The Bloemaert Effect

Dutch painting from the Golden Age is much more than the typically renowned works by Rembrandt, Frans Hals and Johannes Vermeer, and more than the genre pieces by Jan Steen. From 12 November 2011 through 5 February 2012 the Centraal Museum presents the first retrospective of a celebrity from the Golden Age: Abraham Bloemaert (1566-1651). Experts know who he is: the man who has painted big and impressive altar pieces but also charming and small size Madonna paintings. He is the painter of intimite, mythological paintings. A virtuoso, an inspirational landscape artist. A Mannerist, a Caravaggist, but also a Classicist and most of all an utter master.

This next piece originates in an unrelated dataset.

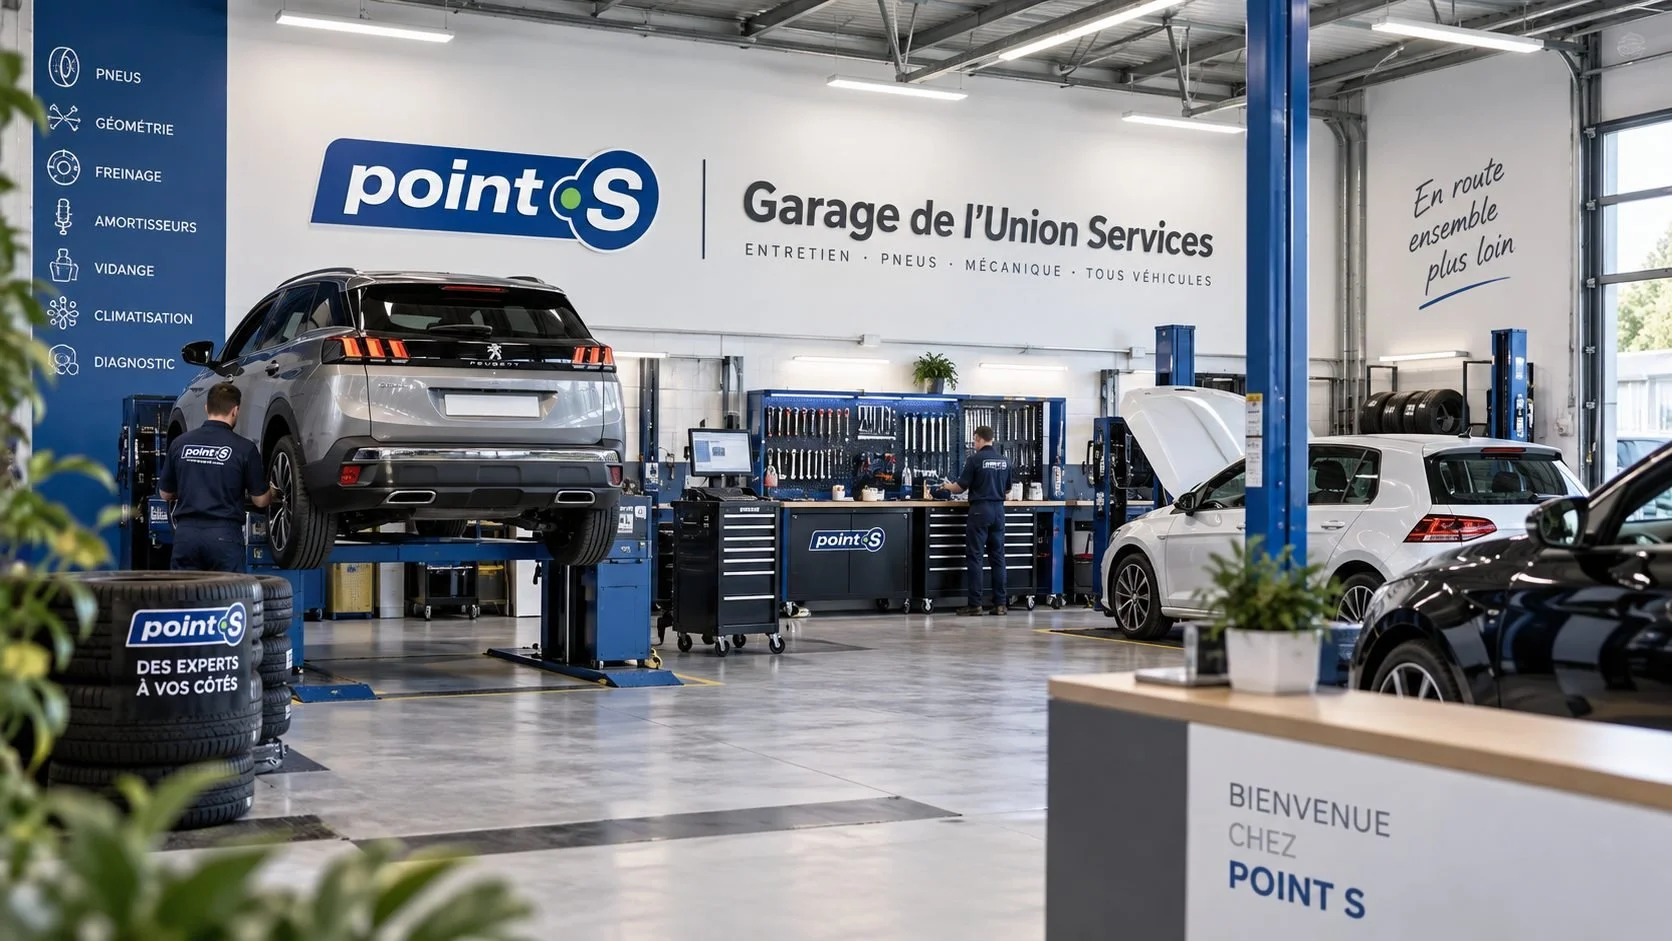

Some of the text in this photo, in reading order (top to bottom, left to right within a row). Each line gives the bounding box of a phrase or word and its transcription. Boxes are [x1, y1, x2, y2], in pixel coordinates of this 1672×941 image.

With this exhibition, the Centraal Museum not only wants to show the greatness and the versatility of this artist but also to permanently add his name to the canon of Dutch art history. Bloemaert’s most beautiful works – paintings, drawings and prints – are brought together from collections owned by museums, private individuals and churches all over the world. Only this way justice is done to Bloemaert’s versatility, both as far as subject, format and style are concerned. Knowing what we should know about the Golden Age.

Abraham Bloemaert

Abraham Bloemaert (1566-1651) has painted both important mythological and religious works. He has also painted genre pieces. His painted oeuvre comprises more than 200 works of which fourteen are in the possession of the Centraal Museum. The number of drawings is estimated at circa 1500 and there are more than 600 engravings. Bloemaert has been of great importance to Dutch art history. This ‘Father of the Utrecht school of painting’ trained and educated a great many Utrecht painters, including the Caravaggists Hendrick ter Brugghen and Gerard van Honthorst and the Italianists Jan Both, Cornelis van Poelenburgh and Jan Baptist Weenix. Not only the number of students, but also the many paintings and drawings, published as prints, have contributed to Bloemaert’s widely spread influence on the art of painting and drawing.

The exhibition includes an additional fee of € 3,-

Tip! Tickets also include admission to the Museum Catharijneconvent to see its new acquisition: Bloemaert's The Four Church Fathers from 1632. For more information:

The exhibition will be on show in Staatliches Museum in Schwerin, Germany, collaborator of this exhibition and its catalogue from 24 February till 28 May 2012.